Fill 3-inch diameter seedling pots with a well-draining potting mixture. Fill a seed flat with 1 inch of water and set the pots into the flat. Drain the excess water from the flat once the soil surface in the pots becomes moist, usually within two hours.
Sow two capsicum seeds per pot, then cover the seeds with a 1/2-inch layer of potting mixture. Cover the pots with a plastic bag, which retains the moisture in the soil until germination occurs.
Set the pots in a warm, 70 to 80 degrees F room to germinate. To ensure the soil stays at the proper temperature, set the pots on top of a seedling heat mat that is set to 70 to 75 F. Heat mats are available at garden centers.
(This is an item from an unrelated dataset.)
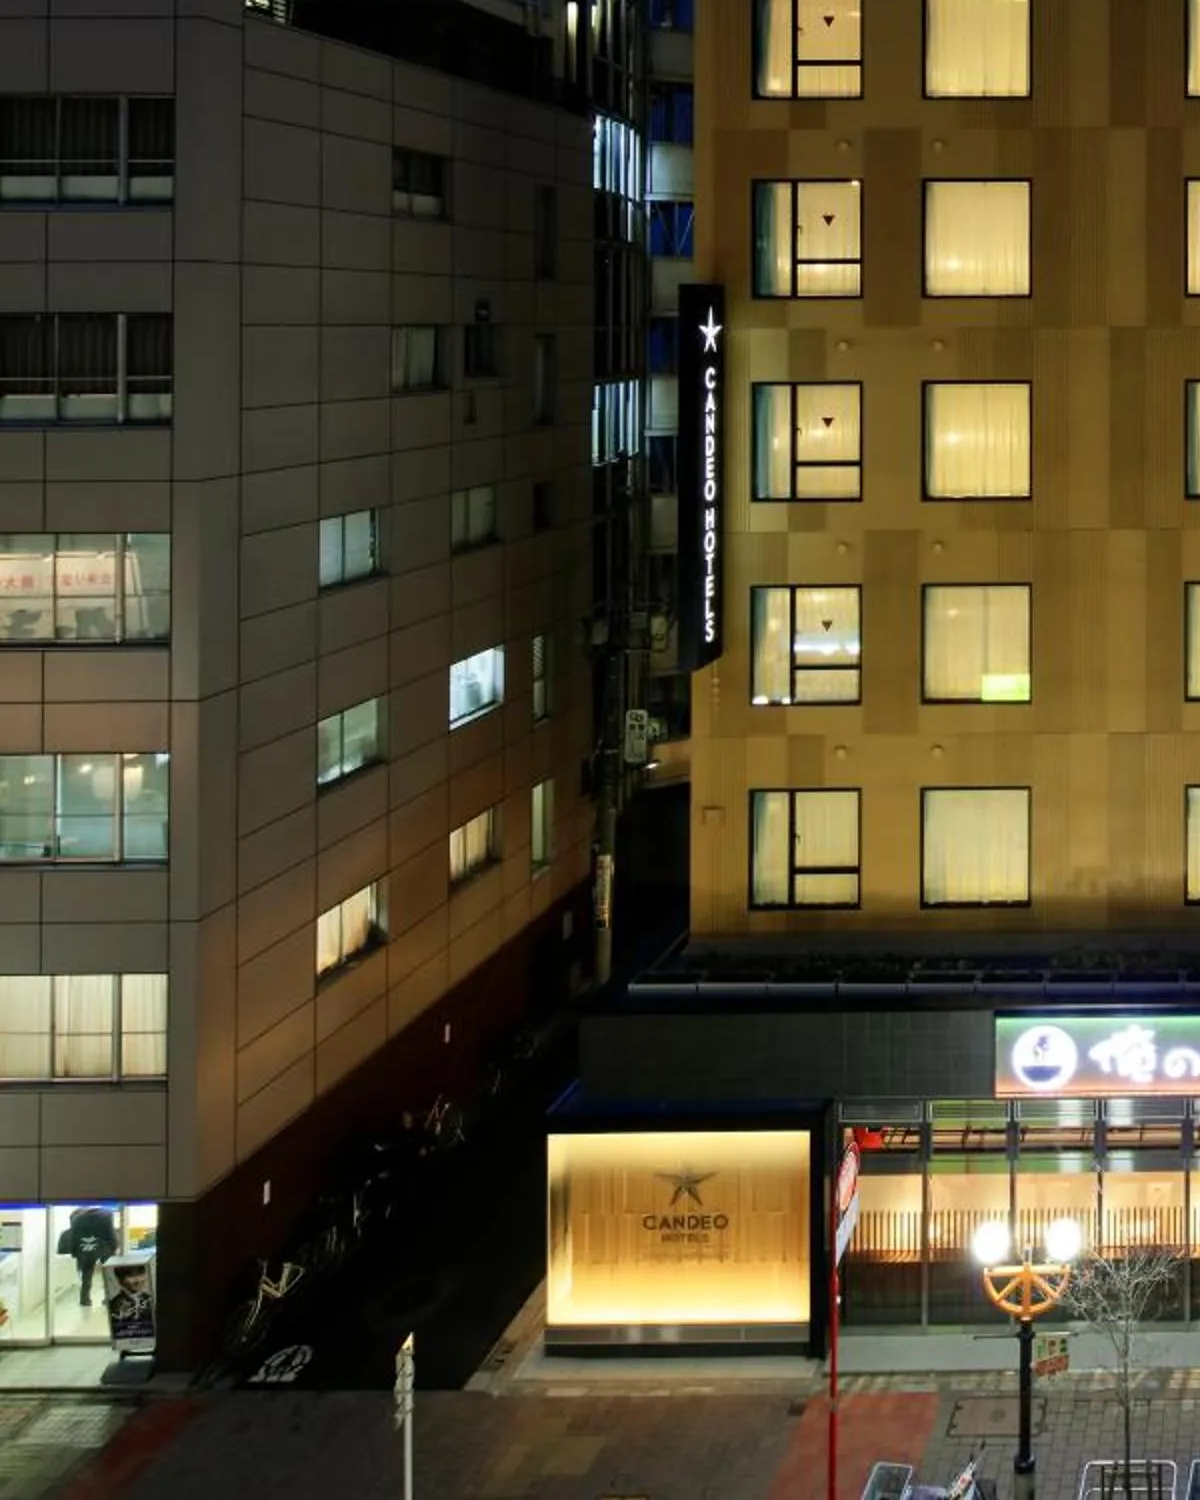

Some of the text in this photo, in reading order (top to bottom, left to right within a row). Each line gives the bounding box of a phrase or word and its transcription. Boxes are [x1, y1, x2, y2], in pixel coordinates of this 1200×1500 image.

[703, 366, 717, 643] CANDEO HOTELS
[642, 1214, 729, 1230] CANDEO
Remove the plastic bag once seedlings emerge, usually within 14 to 21 days of sowing. Lower the setting on the heat mat so it falls between 65 and 70 F and place the seedlings underneath a fluorescent grow light. Adjust the light so it sits no more than 6 inches above the top of the seedlings and leave the light on for 14 to 16 hours a day.
Water the capsicum when the soil surface begins to feel dry to the touch. Water until the soil is just moistened, either by filling the flat beneath the pots with water as before, or by watering carefully from the top.
Thin the seedlings so there is just one capsicum plant per pot once the seedlings grow their second set of leaves. Cut off the weaker seedling at the soil surface, leaving the stronger seedling in place.